The rise of remote work has brought new challenges for managers overseeing distributed teams. While remote work offers benefits like flexibility and expanded talent pools, it can be difficult for managers to have visibility into what remote employees are working on day-to-day. This lack of visibility makes it hard to provide coaching and feedback, ensure accountability, and align everyone’s efforts with key business goals.
Fortunately, advances in computer monitoring software give managers powerful new ways to improve the management of remote teams. When used ethically and transparently, these tools can provide valuable insights while building trust.
What is Employee Monitoring Software?
Employee monitoring software allows managers to monitor employee computer activity in real time or through historical reporting. There are different types of monitoring software with varying features, including:
- Screen monitoring – Records employees’ screens and tracks activity and applications used.
- Web monitoring – Tracks web pages visited by employees.
- Time tracking – Provides insights into how employees spend their time on tasks and projects.

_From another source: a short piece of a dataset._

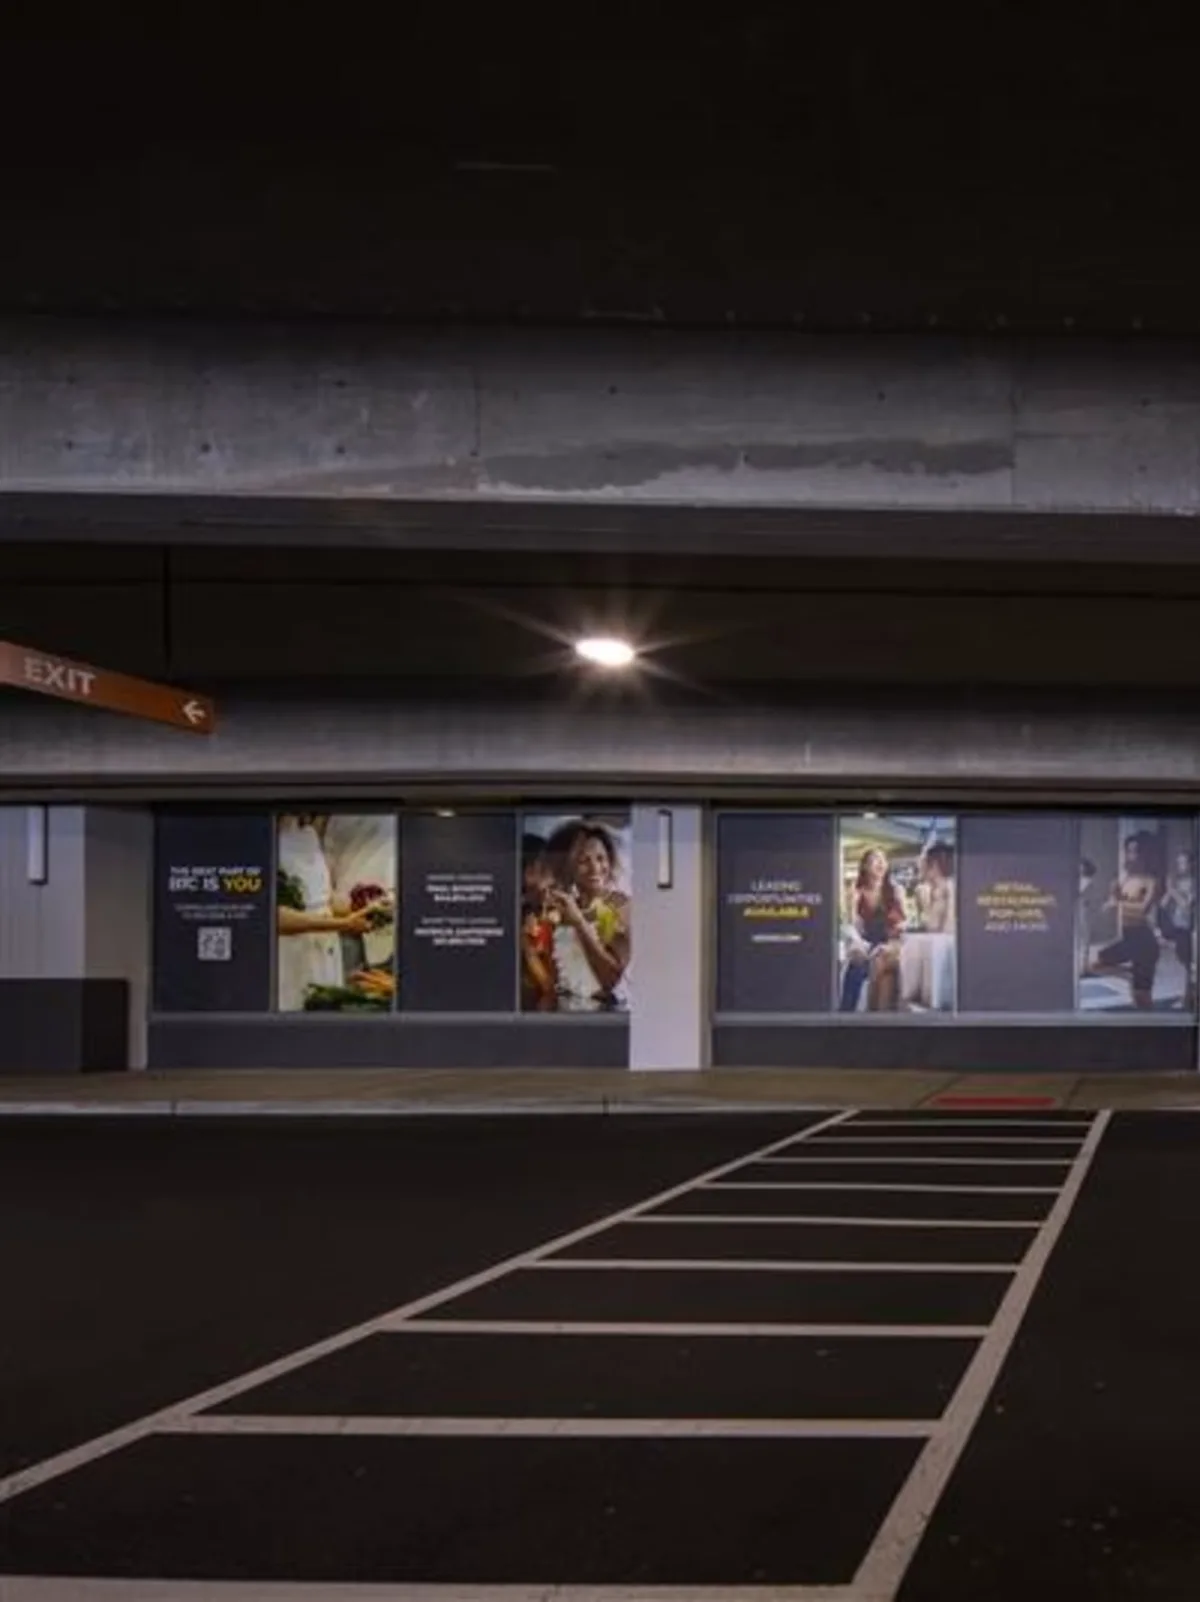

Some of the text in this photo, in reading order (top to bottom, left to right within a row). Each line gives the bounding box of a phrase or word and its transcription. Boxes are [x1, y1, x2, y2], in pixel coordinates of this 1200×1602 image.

[24, 657, 96, 696] EXIT
[203, 877, 220, 892] IS
[222, 877, 263, 893] YOU

- Productivity monitoring – Offers high-level data on the volume of work, like keystrokes and mouse usage.
- File monitoring – Alerts managers to files being uploaded, downloaded, or shared.
- Search monitoring – Flags sensitive search queries employees enter.

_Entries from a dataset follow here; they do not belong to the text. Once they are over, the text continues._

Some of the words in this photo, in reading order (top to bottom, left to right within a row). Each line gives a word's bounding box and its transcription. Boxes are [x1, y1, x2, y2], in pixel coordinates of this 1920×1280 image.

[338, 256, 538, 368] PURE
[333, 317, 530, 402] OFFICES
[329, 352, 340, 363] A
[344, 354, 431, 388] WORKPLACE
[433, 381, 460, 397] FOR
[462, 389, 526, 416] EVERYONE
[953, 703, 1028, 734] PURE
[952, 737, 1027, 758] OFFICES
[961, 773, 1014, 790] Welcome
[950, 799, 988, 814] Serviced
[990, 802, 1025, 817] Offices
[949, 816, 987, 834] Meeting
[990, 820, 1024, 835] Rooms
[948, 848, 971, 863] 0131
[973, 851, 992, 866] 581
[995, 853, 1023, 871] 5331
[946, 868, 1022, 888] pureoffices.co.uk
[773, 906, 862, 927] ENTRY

- Location tracking – Tracks the location of remote employees through mobile devices.
- Email monitoring – Allows reading of email content.
- Data loss prevention tools – Blocks sharing or leakage of confidential data.
The level of visibility provided varies based on the specific monitoring tools and features utilized. Ethics should always be considered when implementing any monitoring program.
Benefits of Managing Remote Teams
When used properly, employee monitoring tools offer several benefits for managing remote teams:
1. Increased Visibility into Work
With team members dispersed in different locations, it can be difficult for managers to have a window into each person’s work. Monitoring software provides visibility into activities, like website visitors, time spent on tasks, and content produced.
While managers should not spy on team members, high-level visibility ensures efforts remain aligned across the team and with wider business objectives.
2. Improved Accountability
Monitoring tools make it easier to confirm that work expectations are being met in a remote setting. Time tracking helps ensure team members put in an honest day’s work. Activity monitoring reduces distractions by discouraging browsing social media or gaming sites.
By setting expectations around the use of work hours and hardware, monitoring helps hold team members accountable even when they are not physically present.
3. Better Data for Coaching
Understanding how remote employees spend their time and navigate their work provides a better context for offering coaching. Managers can spot potential distractions and gently guide team members back on track.
Data from monitoring offers objective insights for shaping coaching strategies to help team members be more engaged and productive.
4. Enhanced Cybersecurity
Monitoring tools give managers greater power to enforce cybersecurity best practices. Email and web monitoring flags suspicious links and attachments before damage occurs. Data loss prevention blocks the unauthorized sharing of confidential business materials.
With a dispersed workforce accessing company networks remotely, monitoring cyber risks is more critical than ever.
5. Increased Protection from Legal Risks
In certain regulated industries like finance, monitoring provides legal and compliance benefits. Email, document, and screen monitoring allows managers to supervise internal communications that could contain unethical or illegal conduct.
Proactively monitoring these channels reduces legal risk and may support a defense of due diligence.
Best Practices for Implementation
To implement monitoring in a way that builds trust and enhances employee success:
Clearly communicate the types of monitoring in place, and the reasons the company uses them. No employee should be surprised that their work computer activity is being monitored.
Get employee input:
Involve employees in developing monitoring policies. Getting by-in helps build comfort with monitoring as standard operating procedure.
Limit scope thoughtfully:
Only implement monitoring that is necessary and relevant for the specific team and its business goals. Do not overreach in monitoring personal communication channels.
Use data ethically:
Never use insights from monitoring to shame or punish. Data should inform discrete coaching conversations focused on improving performance.
Adjust monitoring when possible to accommodate employee needs. More intensive monitoring may be appropriate during onboarding periods versus for experienced team members.
If directing an employee to change behaviors based on monitoring data, have the discussion privately and focus on constructive improvement.
Remote work is here to stay, but managers still need visibility and control to lead dispersed teams effectively. When implemented ethically, employee monitoring tools like screen monitoring, time tracking, and data loss prevention provide valuable insights not available otherwise.
Monitoring does require extra care, given privacy concerns. Managers should be transparent, limit monitoring scope, use data responsibly, and involve employees in the process. With a balanced approach, monitoring can build trust while helping managers drive accountability and alignment across remote teams.